À la rentrée 2020, un groupe d’amis du lycée Jean Macé de Rennes a lancé le collectif Collages Lycéens pour sensibiliser aux violences sexuelles. Depuis, cette visibilité les a conduits à recueillir les témoignages d’ami·es voire d’inconnu·es et, si besoin, à les accompagner vers des structures comme le Planning Familial ou le commissariat de police pour déposer plainte.
![À Rennes, un collectif de lycéens accompagne des jeunes victimes de violences sexuelles 1 image00010](https://www.causette.fr/wp-content/uploads/2022/04/image00010-679x1024.jpeg)
Collages lycéens de Rennes © Enfant Sage
Un jour par mois, une trentaine de jeunes du collectif rennais Collages Lycéens se retrouvent pour coller dans l’espace public des messages dénonçant les violences sexuelles, comme un peu partout en France depuis l’initiative lancée par la militante féministe Marguerite Stern en 2019. Les phrases « Mon corps, mes choix », « Quand je sors je veux être libre, pas courageuse » ou encore « Mon viol, ma rage » sont écrites en noir sur fond blanc, et collées sur les murs et le mobilier urbain de la capitale bretonne.
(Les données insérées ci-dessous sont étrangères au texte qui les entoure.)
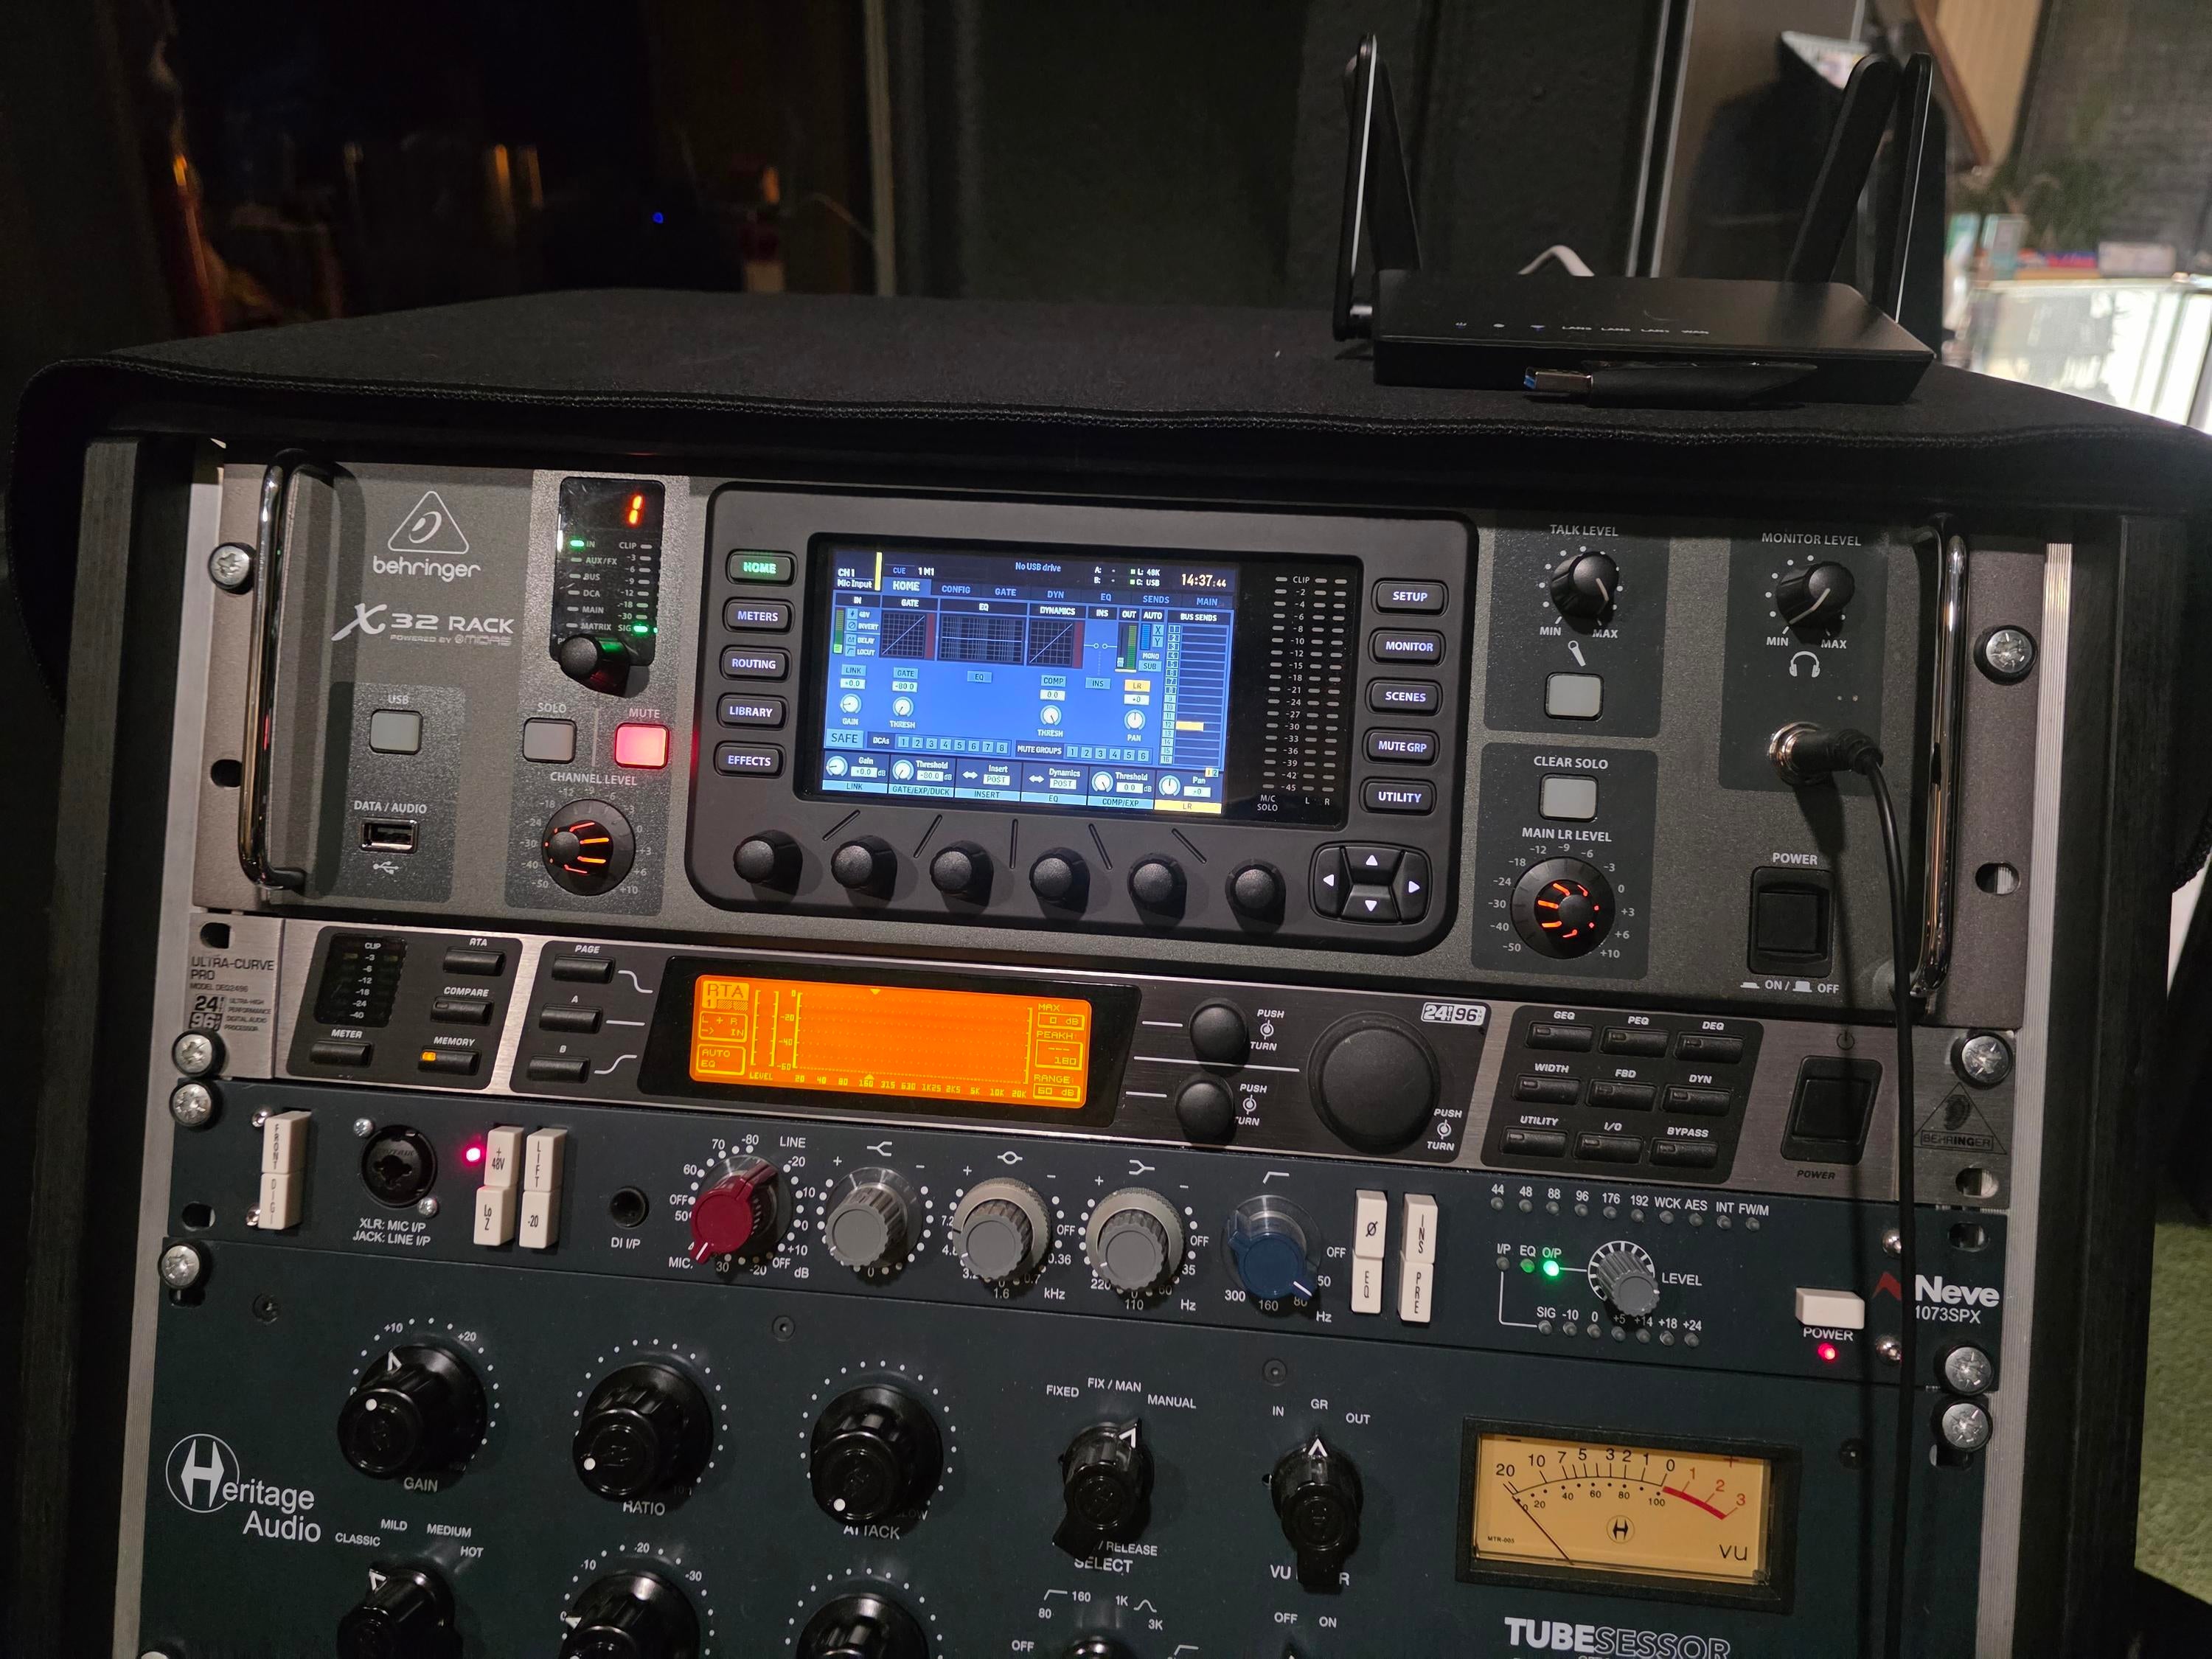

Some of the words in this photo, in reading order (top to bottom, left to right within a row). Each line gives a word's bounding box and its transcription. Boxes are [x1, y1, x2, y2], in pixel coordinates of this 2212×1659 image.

[1550, 524, 1580, 537] TALK
[1583, 526, 1618, 538] LEVEL
[1761, 532, 1822, 546] MONITOR
[1824, 535, 1862, 547] LEVEL
[373, 555, 481, 582] behringer
[743, 561, 776, 574] HOME
[1015, 562, 1025, 570] No
[1026, 563, 1041, 571] USB
[1042, 563, 1060, 571] drive
[892, 581, 920, 591] HOME
[942, 585, 970, 594] CONFIG
[995, 588, 1017, 597] GATE
[1047, 591, 1064, 599] DYN
[1393, 591, 1427, 602] SETUP
[1143, 596, 1169, 604] SENDS
[1197, 598, 1218, 606] MAIN
[737, 611, 779, 622] METERS
[448, 616, 515, 633] RACK
[581, 623, 611, 631] MATRIX
[1540, 626, 1562, 636] MIN
[1593, 628, 1618, 639] MAX
[1386, 641, 1433, 652] MONITOR
[1767, 636, 1789, 647] MIN
[1821, 639, 1847, 649] MAX
[732, 658, 776, 669] ROUTING
[387, 694, 409, 705] USB
[1385, 692, 1426, 702] SCENES
[537, 703, 566, 713] SOLO
[629, 708, 661, 719] MUTE
[729, 706, 773, 717] LIBRARY
[831, 733, 858, 743] SAFE
[1379, 741, 1406, 752] MUTE
[1408, 742, 1427, 753] GRP
[728, 755, 771, 766] EFFECTS
[1534, 756, 1573, 768] CLEAR
[1575, 758, 1608, 770] SOLO
[550, 771, 602, 785] CHANNEL
[605, 775, 637, 786] LEVEL
[893, 786, 950, 796] GATE/EXP/DUCK
[1102, 799, 1139, 807] COMP/EXP
[1260, 794, 1276, 802] M/C
[1378, 792, 1422, 803] UTILITY
[353, 799, 380, 812] DATA
[392, 802, 428, 814] AUDIO
[1256, 804, 1279, 812] SOLO
[1522, 827, 1555, 840] MAIN
[1558, 829, 1573, 841] LR
[1576, 830, 1613, 843] LEVEL
[1772, 853, 1818, 866] POWER
[470, 938, 487, 947] RTA
[575, 945, 600, 954] PAGE
[192, 956, 274, 970] ULTRA-CURVE
[191, 970, 215, 980] PRO
[443, 987, 490, 997] COMPARE
[708, 984, 743, 998] RTA
[1764, 980, 1783, 991] ON
[1817, 982, 1840, 994] OFF
[1257, 1009, 1284, 1019] PUSH
[1554, 1011, 1575, 1020] GEQ
[1628, 1017, 1649, 1026] PEQ
[1703, 1022, 1725, 1031] DEQ
[331, 1029, 363, 1039] METER
[434, 1037, 476, 1046] MEMORY
[1250, 1041, 1277, 1051] TURN
[1534, 1063, 1569, 1074] WIDTH
[1615, 1069, 1637, 1078] FBD
[749, 1072, 773, 1080] LEVEL
[1689, 1074, 1712, 1083] DYN
[1239, 1084, 1267, 1093] PUSH
[1433, 1108, 1463, 1119] PUSH
[1520, 1116, 1559, 1126] UTILITY
[1604, 1122, 1622, 1131] I/O
[1667, 1127, 1709, 1137] BYPASS
[780, 1136, 807, 1149] LINE
[1923, 1133, 1991, 1147] BEHRINGER
[1427, 1141, 1455, 1151] TURN
[492, 1158, 505, 1170] 48V
[1796, 1170, 1835, 1180] POWER
[1655, 1197, 1681, 1209] WCK
[1684, 1198, 1708, 1211] AES
[1716, 1201, 1734, 1212] INT
[1739, 1203, 1770, 1216] FW/M
[359, 1218, 384, 1229] XLR:
[388, 1220, 409, 1231] MIC
[411, 1222, 426, 1233] I/P
[353, 1231, 384, 1242] JACK:
[388, 1232, 414, 1245] LINE
[416, 1234, 431, 1247] I/P
[611, 1237, 622, 1248] DI
[626, 1239, 641, 1250] I/P
[1326, 1247, 1346, 1258] OFF
[1497, 1243, 1511, 1254] I/P
[1520, 1245, 1536, 1257] EQ
[1542, 1246, 1562, 1259] O/P
[1662, 1272, 1703, 1286] LEVEL
[1044, 1287, 1065, 1300] kHz
[1915, 1274, 2000, 1307] Neve
[1180, 1298, 1196, 1312] Hz
[1317, 1311, 1332, 1322] Hz
[1537, 1306, 1556, 1318] SIG
[1915, 1305, 1981, 1324] 1073SPX
[1803, 1327, 1854, 1341] POWER
[1088, 1377, 1105, 1390] FIX
[1115, 1380, 1141, 1393] MAN
[1046, 1385, 1079, 1398] FIXED
[1147, 1394, 1197, 1410] MANUAL
[1310, 1399, 1329, 1411] GR
[1272, 1405, 1284, 1417] IN
[1346, 1413, 1371, 1425] OUT
[403, 1476, 439, 1493] GAIN
[622, 1500, 665, 1516] RATIO
[243, 1510, 321, 1543] Audio
[380, 1518, 408, 1531] MILD
[427, 1523, 472, 1538] MEDIUM
[335, 1532, 380, 1547] CLASSIC
[460, 1545, 484, 1558] HOT
[1719, 1543, 1748, 1562] VU
[1274, 1612, 1298, 1625] OFF
[1319, 1616, 1337, 1628] ON
[1504, 1616, 1731, 1659] TUBESESSOR
Une habitude instaurée depuis octobre 2020 et initiée par des élèves de première au lycée Jean Macé. En un an et demi, le collectif s’est agrandi et des lycéen·nes de différents établissements rennais l’ont rejoint. En parallèle du collage – leur action emblématique et symbolique – le groupe organise des distributions de préservatifs masculins et féminins et ses membres participent à des manifestations, comme la marche des fiertés LGBT de Rennes. Plus discrètement, depuis le début de leur existence, le collectif a recueilli des témoignages et accompagné des ami·es et des inconnu·es dans des démarches judiciaires ou vers des structures spécialisées, telles que le Planning Familial, à Rennes, ou Iskis, le centre LGBTI+ de la ville.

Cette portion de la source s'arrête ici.